In the test stage, the relative abundance of Clostridium symbiosum ( C. symbiosum) was measured by qPCR in 781 cases including 242 controls, 212 colorectal adenoma (CRA) patients, 109 early CRC (tumor restricted to the submucosa) patients, 218 advanced CRC patients. The prediction accuracy was compared to Fusobacterium nucleatum ( F. nucleatum), fecal immunochemical test (FIT) and CEA (carcinoembryonic antigen) and validated in an independent cohort of 256 subjects. Current status of the trial:ongoing/still enrolling. Primary endpoint:June, 2017 ( Clinicaltrials.gov Identifier NCT02845973).
Significant stepwise increase of C. symbiosum abundance was found in CRA, early CRC and advanced CRC ( P < 0.01). C. symbiosum outperformed all the other markers in early CRC prediction performance. The combination of C. symbiosum and FIT achieved better performance (0.803 for test cohort and 0.707 for validation cohort). For overall discrimination of CRCs, the combination of all above markers achieved the performance of 0.876.
The fecal abundance of Clostridium symbiosum was found increased in patients with colorectal neoplasia and it may serve as a potiential biomarker in non-invasive early differentiation of colorectal cancer from healthy controls.

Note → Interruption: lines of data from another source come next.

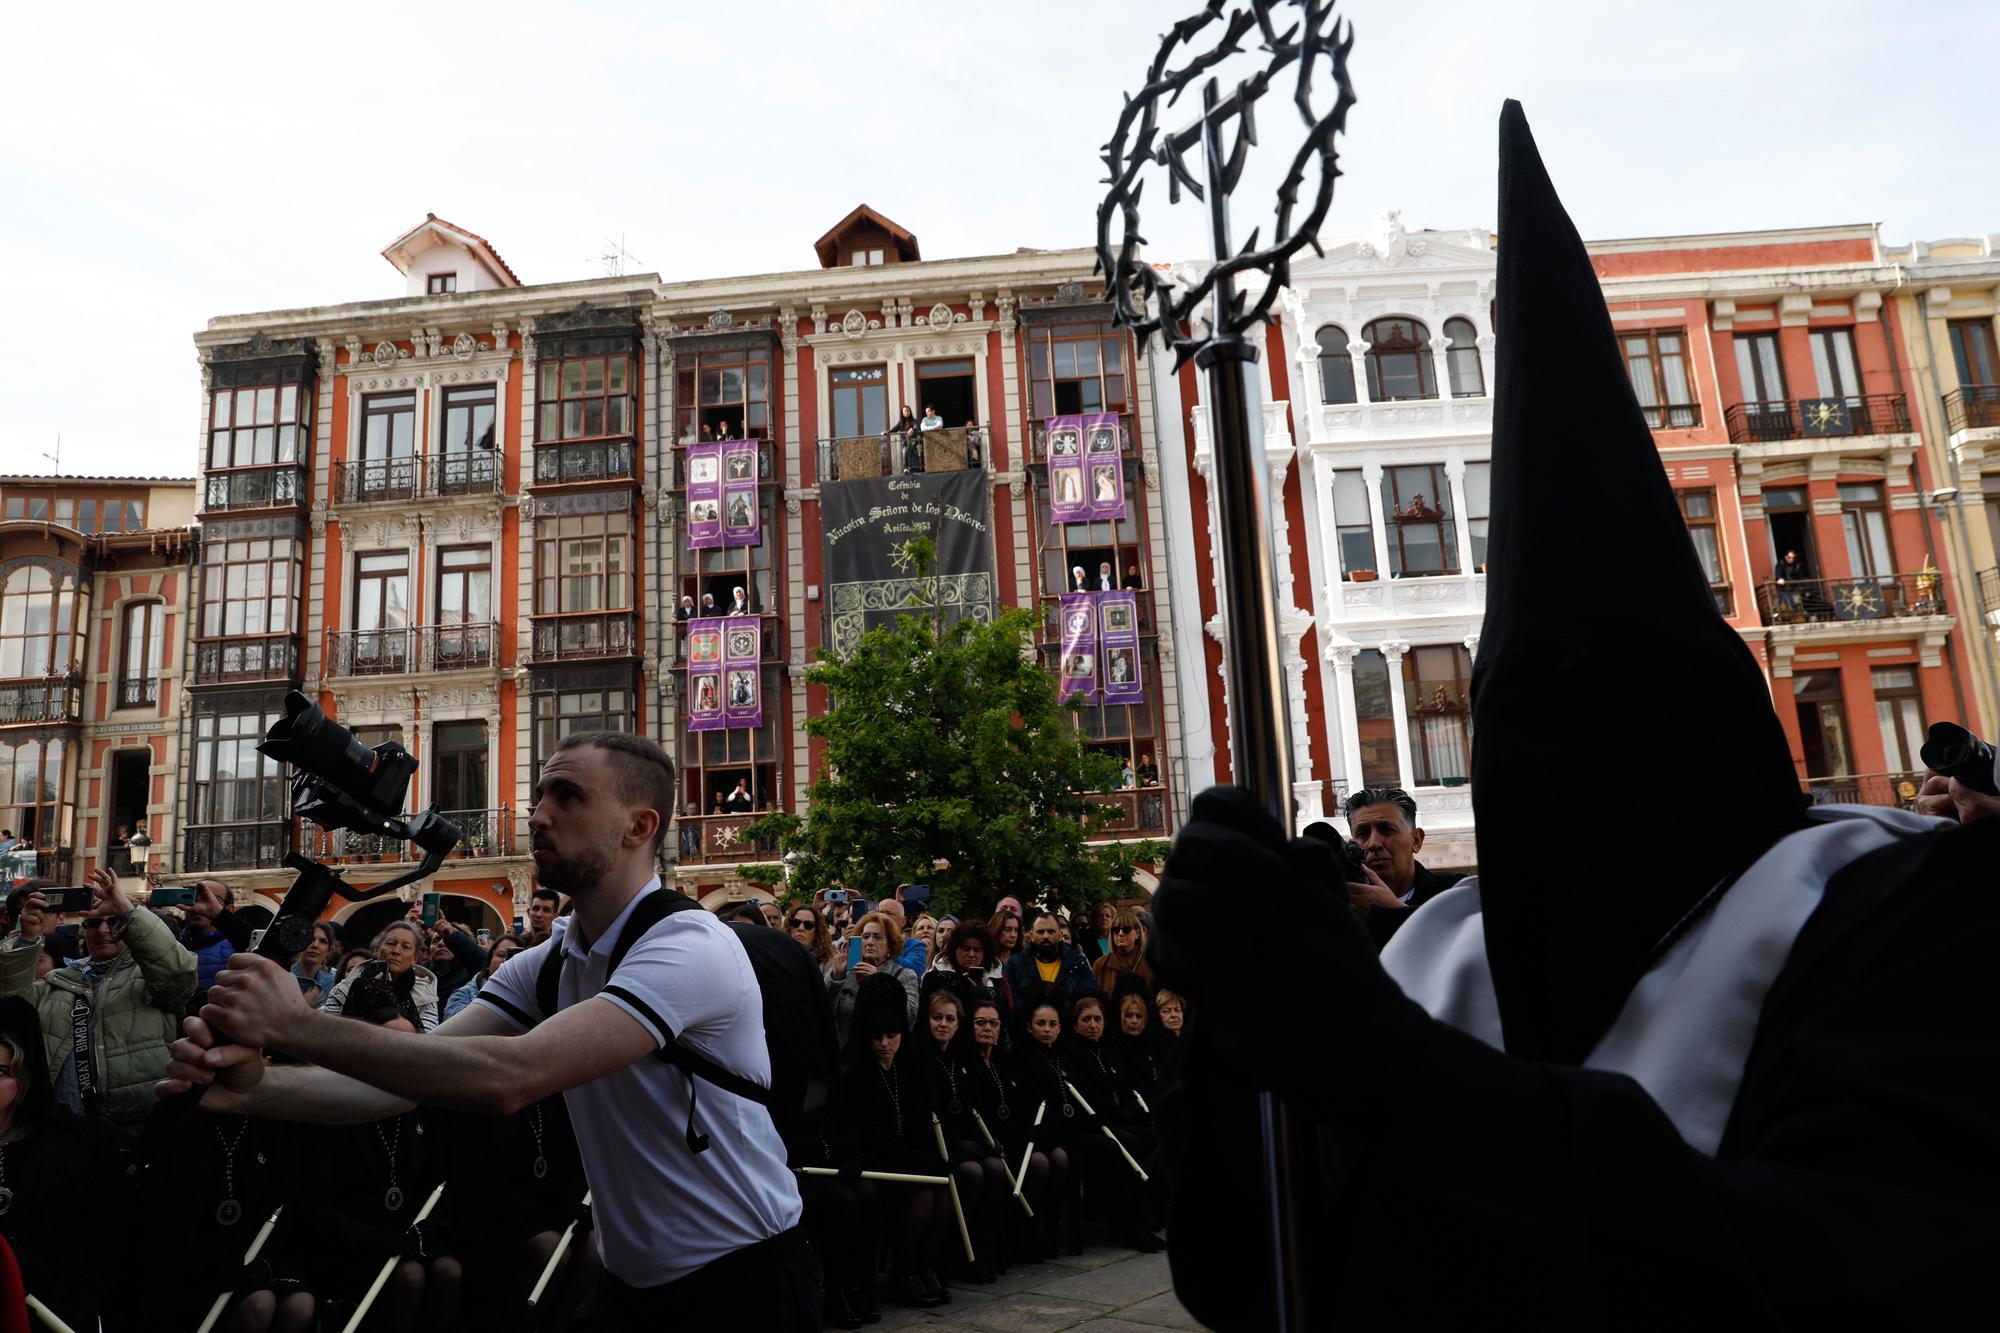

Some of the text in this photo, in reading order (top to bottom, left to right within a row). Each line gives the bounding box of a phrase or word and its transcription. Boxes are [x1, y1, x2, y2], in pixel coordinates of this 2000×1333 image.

[901, 492, 909, 500] de
[825, 502, 986, 546] Nuestra Señora de los Dolores
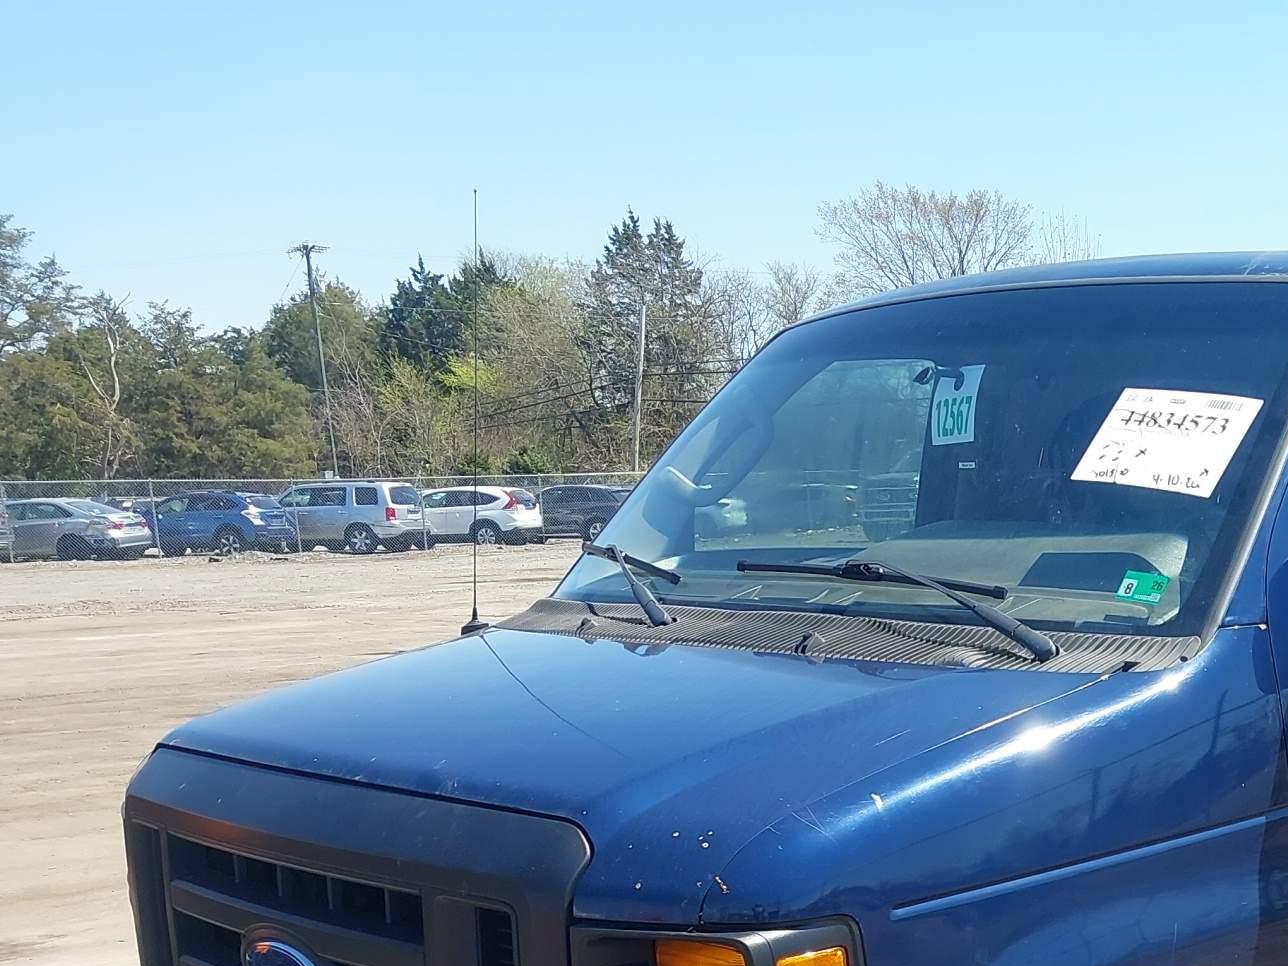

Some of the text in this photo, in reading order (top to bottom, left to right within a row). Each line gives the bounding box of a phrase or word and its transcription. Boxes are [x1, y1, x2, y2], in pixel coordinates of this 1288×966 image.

[935, 395, 973, 438] 12567
[1124, 582, 1134, 595] 8
[1151, 580, 1165, 591] 26
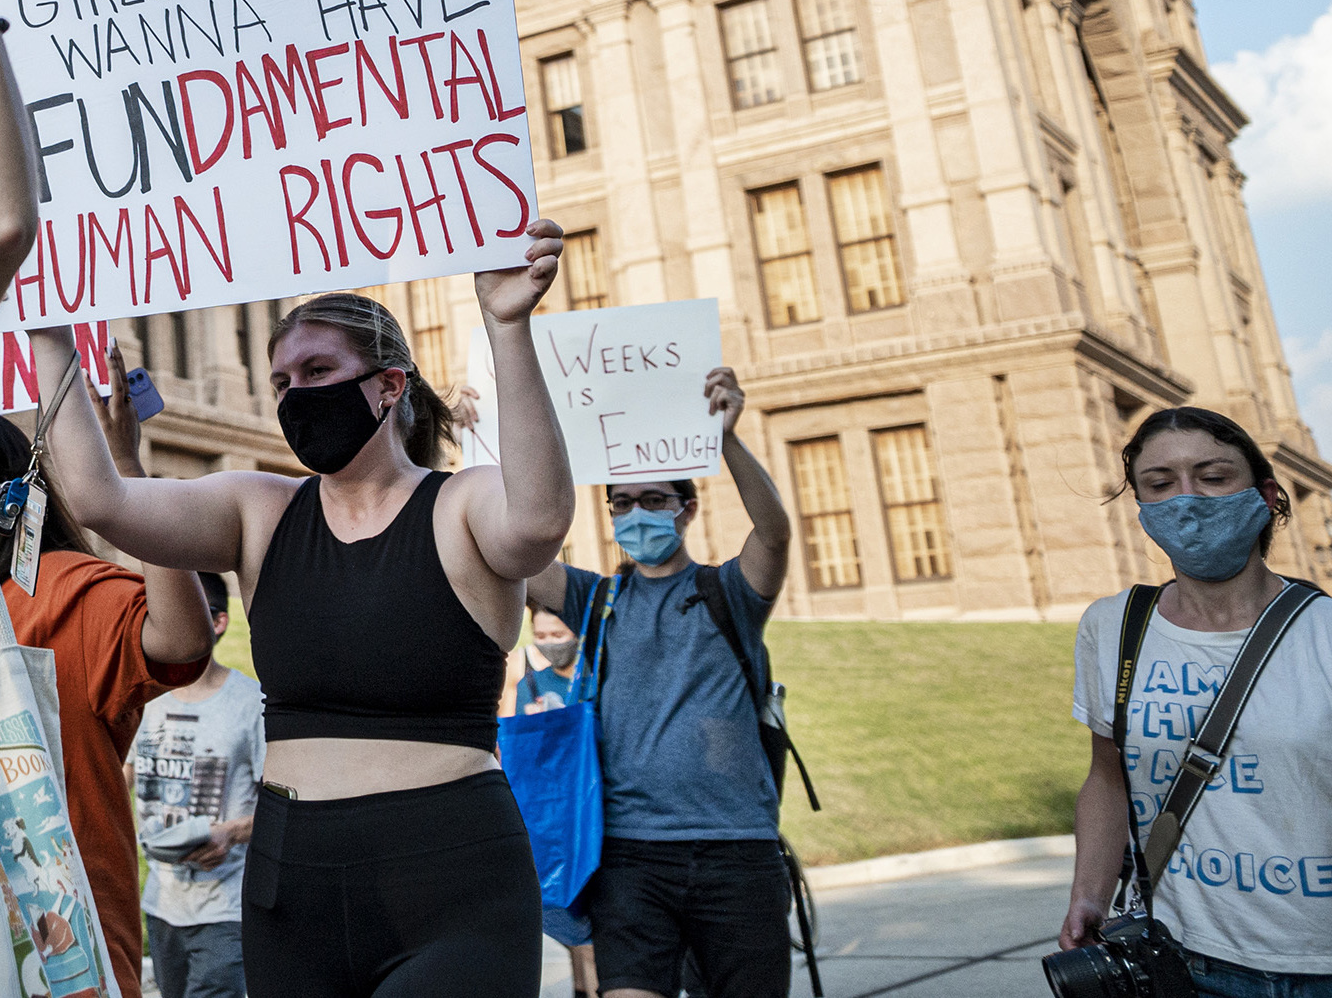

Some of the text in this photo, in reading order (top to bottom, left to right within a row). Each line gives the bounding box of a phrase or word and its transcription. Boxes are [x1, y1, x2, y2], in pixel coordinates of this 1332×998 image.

[25, 28, 526, 203] FUNDAMENTAL
[14, 133, 530, 322] HUMAN RIGHTS
[1117, 659, 1132, 704] Nikon
[1143, 660, 1227, 696] AM
[134, 755, 194, 780] BRONX
[1134, 832, 1332, 898] HOICE
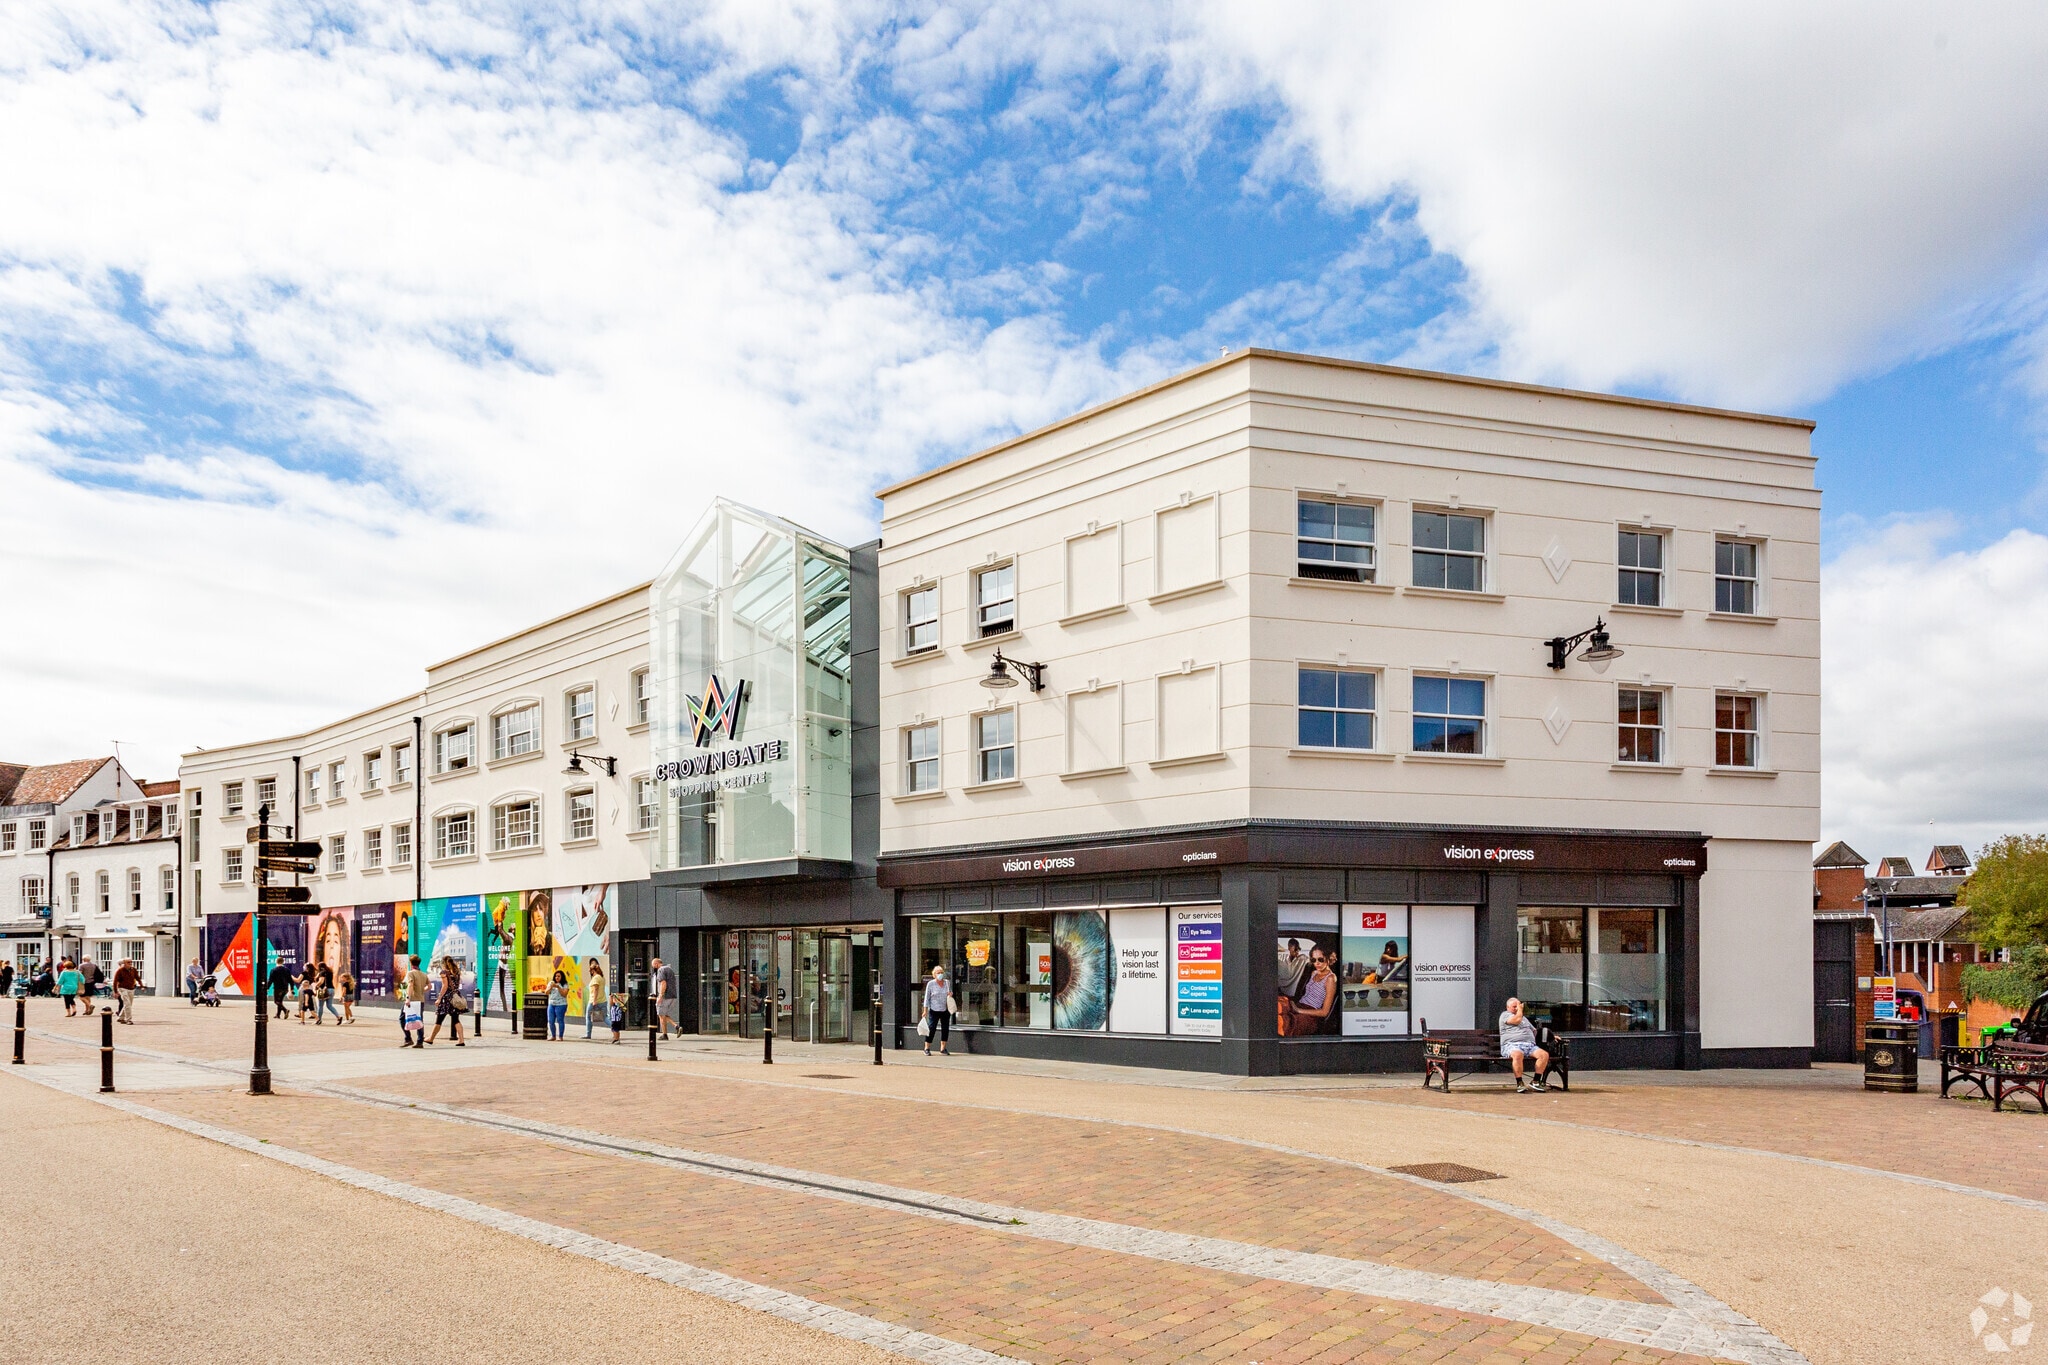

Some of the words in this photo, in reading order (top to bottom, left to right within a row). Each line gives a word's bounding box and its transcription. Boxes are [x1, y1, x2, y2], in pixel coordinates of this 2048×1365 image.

[656, 740, 781, 781] CROWNGATE
[669, 780, 720, 798] SHOPPING
[724, 772, 769, 789] CENTRE
[1182, 851, 1217, 862] opticians
[1443, 845, 1481, 859] vision
[1484, 847, 1534, 862] express
[1002, 859, 1031, 872] vision
[1033, 856, 1075, 871] express
[1663, 857, 1696, 867] opticians
[1192, 912, 1222, 920] services
[1122, 949, 1139, 958] Help
[1142, 950, 1158, 959] your
[1122, 960, 1144, 968] vision
[1145, 960, 1159, 968] last
[1415, 963, 1438, 972] vision
[1440, 964, 1471, 973] express
[1128, 970, 1158, 979] lifetime.

The fecal abundance of Clostridium symbiosum was even more sensitive and efficient in diagnosis of both early and advanced colorectal cancer than reported markers like fecal immunochemical test, carcinoembryonic antigen and the abundance of Fusobacterium nucleatum.
Combining the abundance of Clostridium symbiosum and the other markers above may further enhance its predictive performance.